When you restate the data, keep every word as it is and drop the images.

(Phrase grounding data)

* * * *

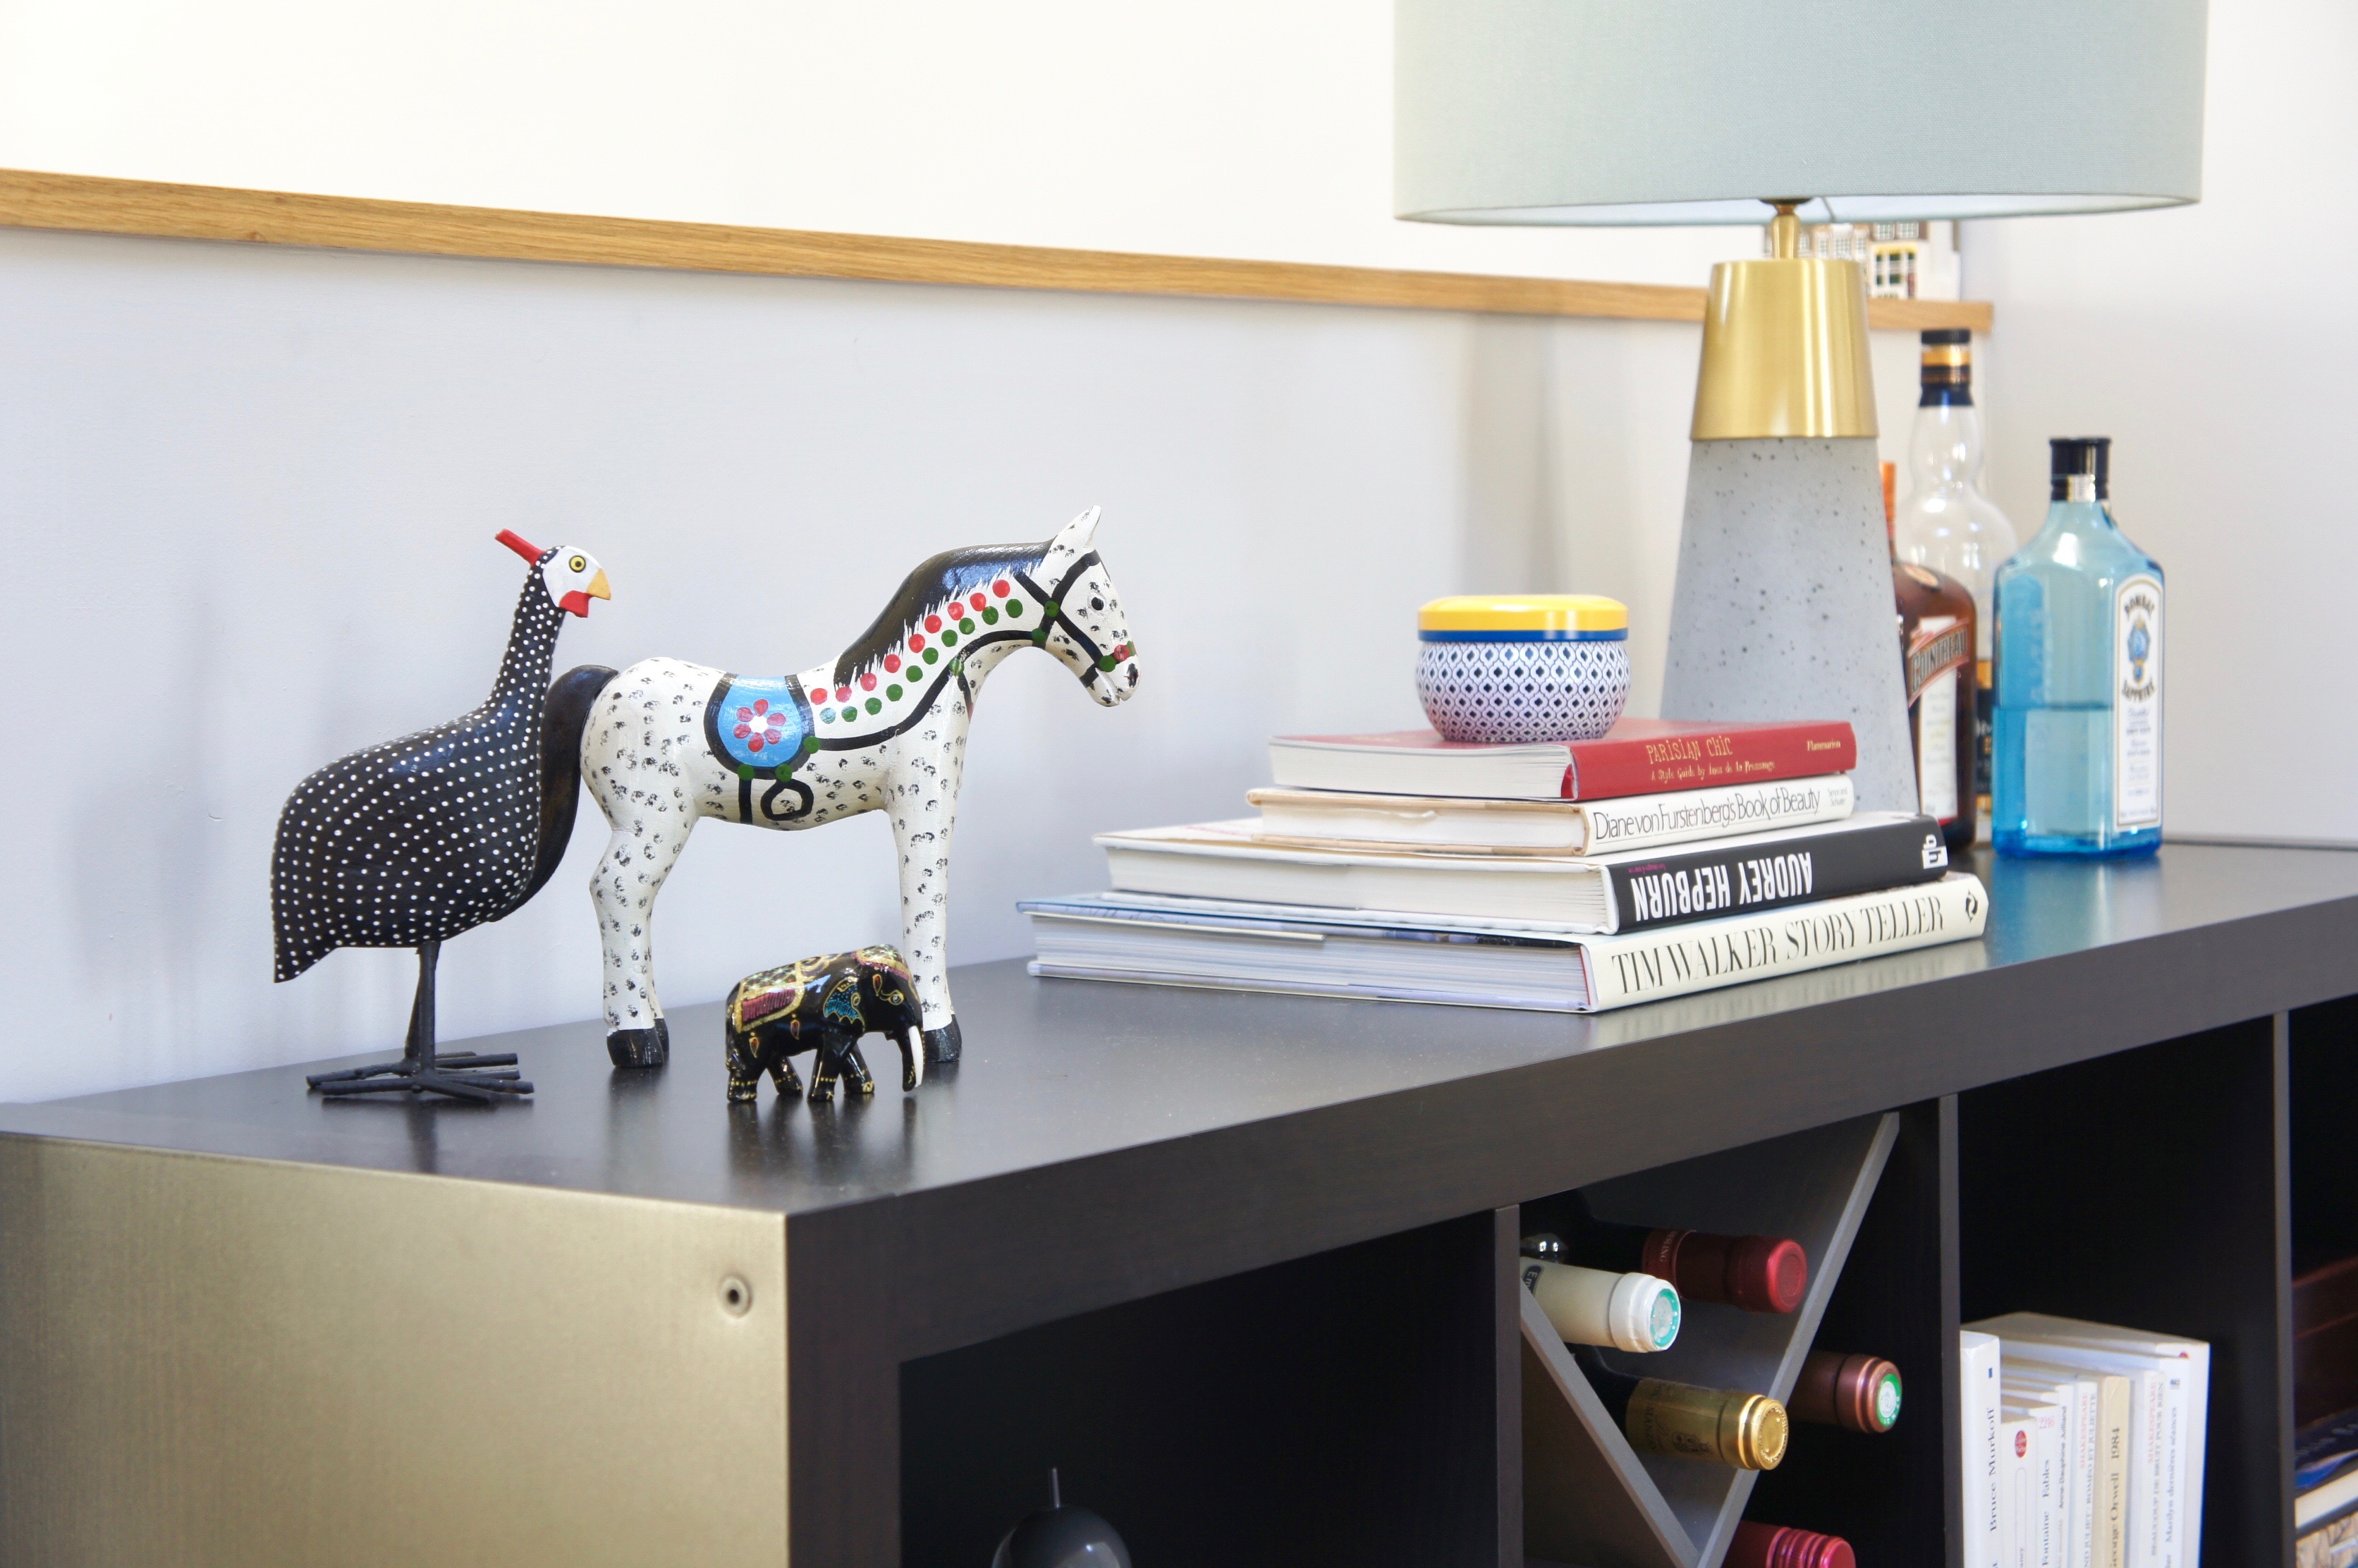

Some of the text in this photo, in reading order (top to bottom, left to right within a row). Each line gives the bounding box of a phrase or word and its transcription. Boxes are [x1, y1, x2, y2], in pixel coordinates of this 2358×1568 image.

[1912, 629, 1967, 693] COINTREAU
[1658, 769, 1675, 783] Style
[1678, 767, 1695, 780] Guide
[1697, 766, 1705, 780] by
[1725, 761, 1733, 773] de
[1807, 740, 1841, 752] Flammarion
[1594, 788, 1821, 840] Diane von Furstenberg's Book of Beauty
[1630, 852, 1813, 922] AUDREY HEPBURN
[1611, 895, 1945, 995] TIM WALKER STORY TELLER
[2079, 1392, 2089, 1470] SHAKESPEARE
[2110, 1427, 2120, 1459] 1984
[2148, 1382, 2157, 1464] SHAKESPEARE
[1986, 1407, 1998, 1533] Bruce Murkoff
[2058, 1441, 2067, 1509] Anne-Dauphine
[2110, 1472, 2120, 1521] Orwell
[2041, 1459, 2051, 1566] Fontaine Fables
[2165, 1499, 2175, 1543] Marilyn
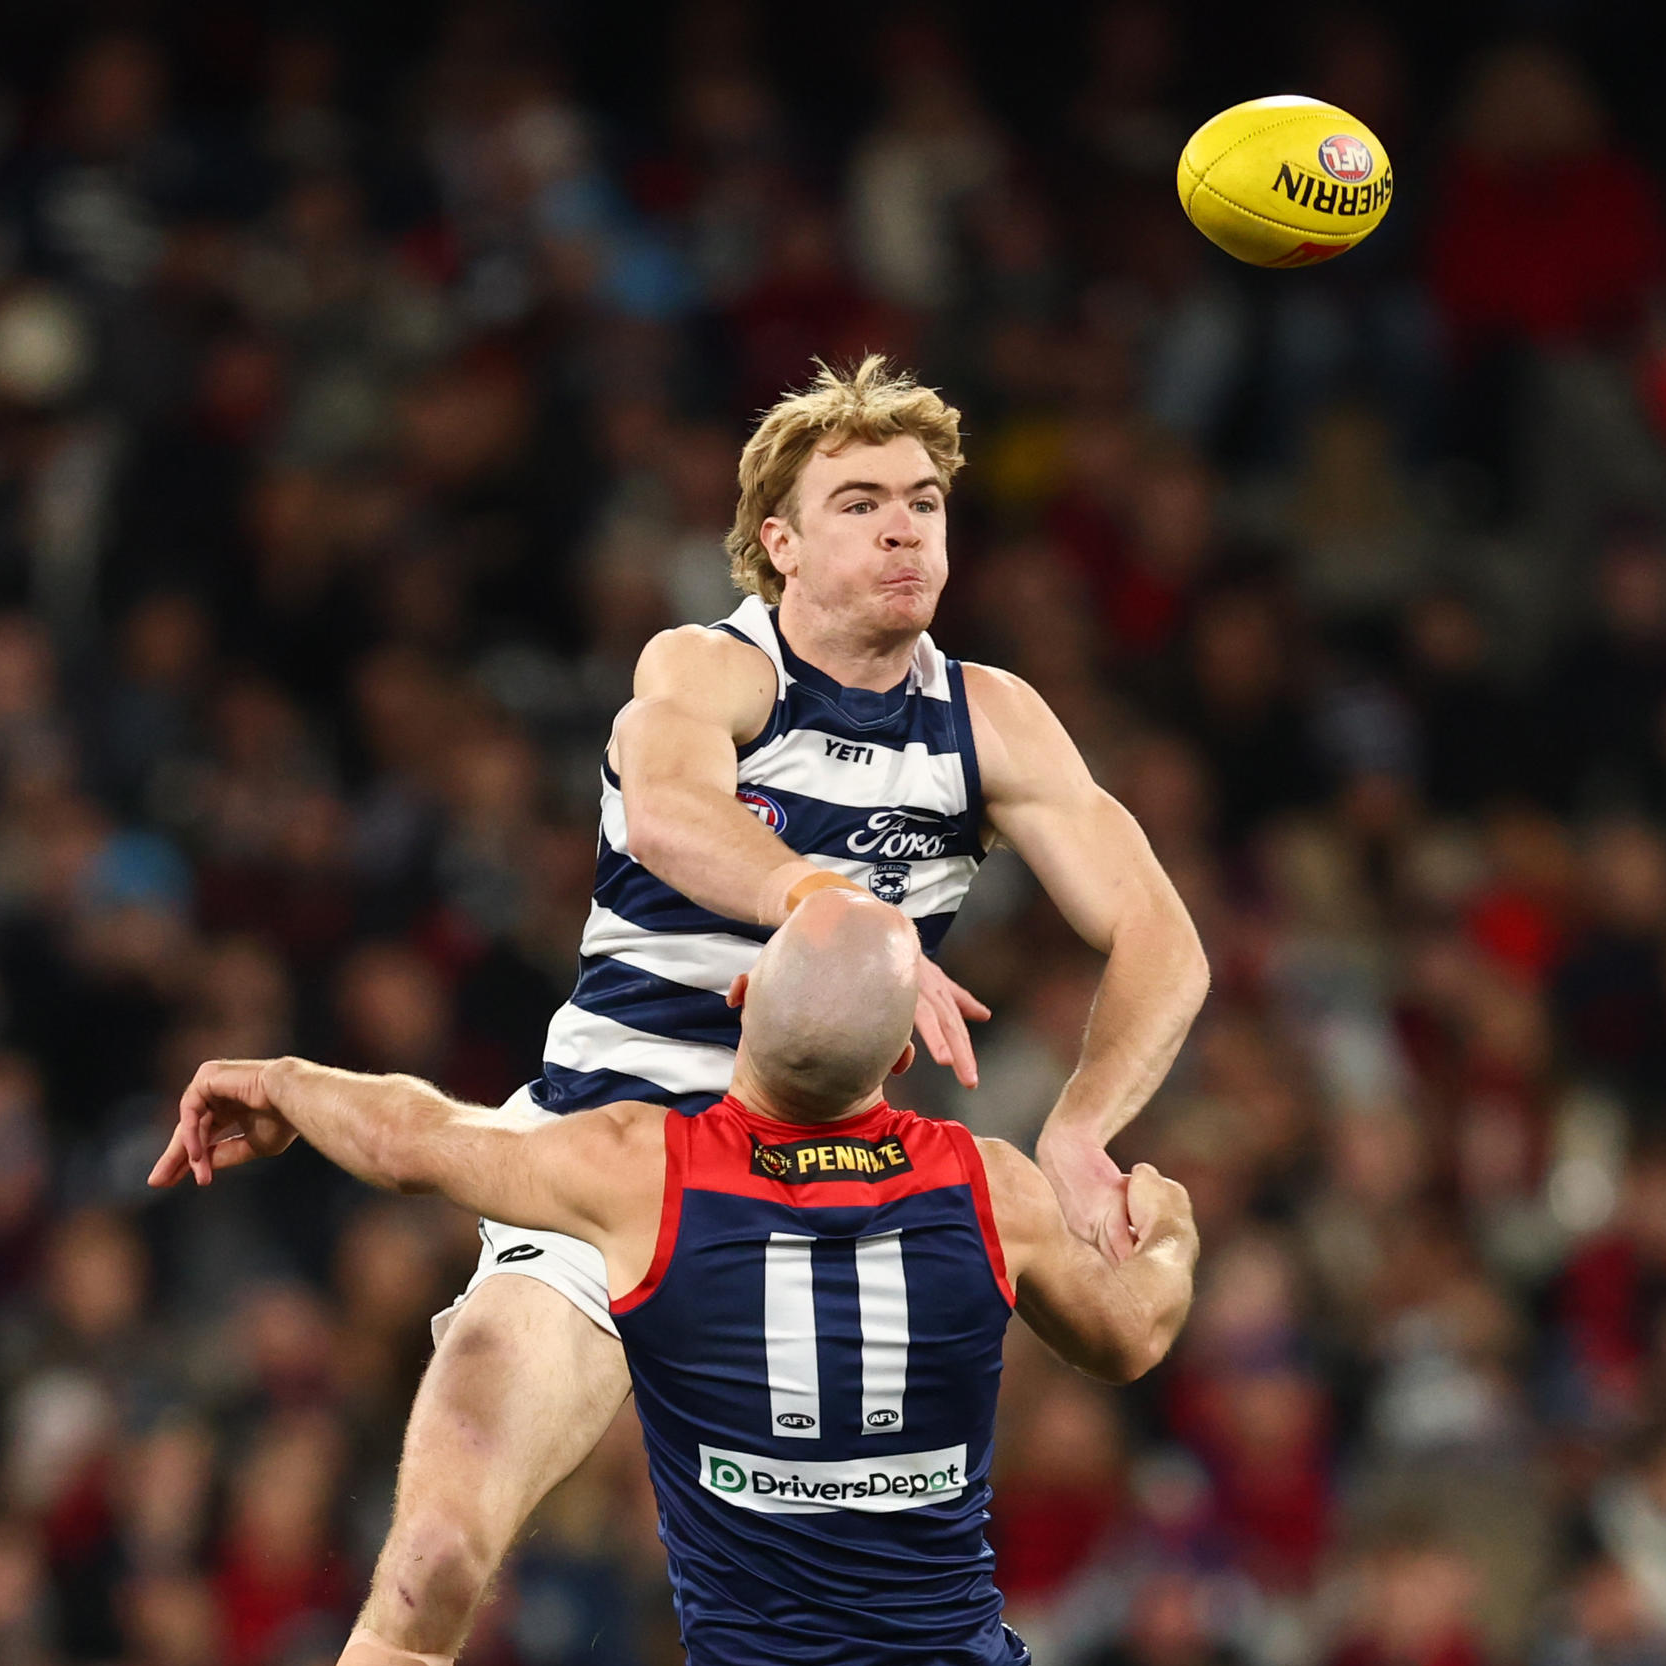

* * * *

--- Finished exercise ---
Some of the text in this photo, in reading order (top to bottom, left to right within a row). Each line gives the bounding box of a phrase or word and its transcription. Boxes are [x1, y1, x2, y2], in pixel coordinates of this 2358×1568 image.

[1912, 629, 1967, 693] COINTREAU
[1658, 769, 1675, 783] Style
[1678, 767, 1695, 780] Guide
[1697, 766, 1705, 780] by
[1725, 761, 1733, 773] de
[1807, 740, 1841, 752] Flammarion
[1594, 788, 1821, 840] Diane von Furstenberg's Book of Beauty
[1630, 852, 1813, 922] AUDREY HEPBURN
[1611, 895, 1945, 995] TIM WALKER STORY TELLER
[2079, 1392, 2089, 1470] SHAKESPEARE
[2110, 1427, 2120, 1459] 1984
[2148, 1382, 2157, 1464] SHAKESPEARE
[1986, 1407, 1998, 1533] Bruce Murkoff
[2058, 1441, 2067, 1509] Anne-Dauphine
[2110, 1472, 2120, 1521] Orwell
[2041, 1459, 2051, 1566] Fontaine Fables
[2165, 1499, 2175, 1543] Marilyn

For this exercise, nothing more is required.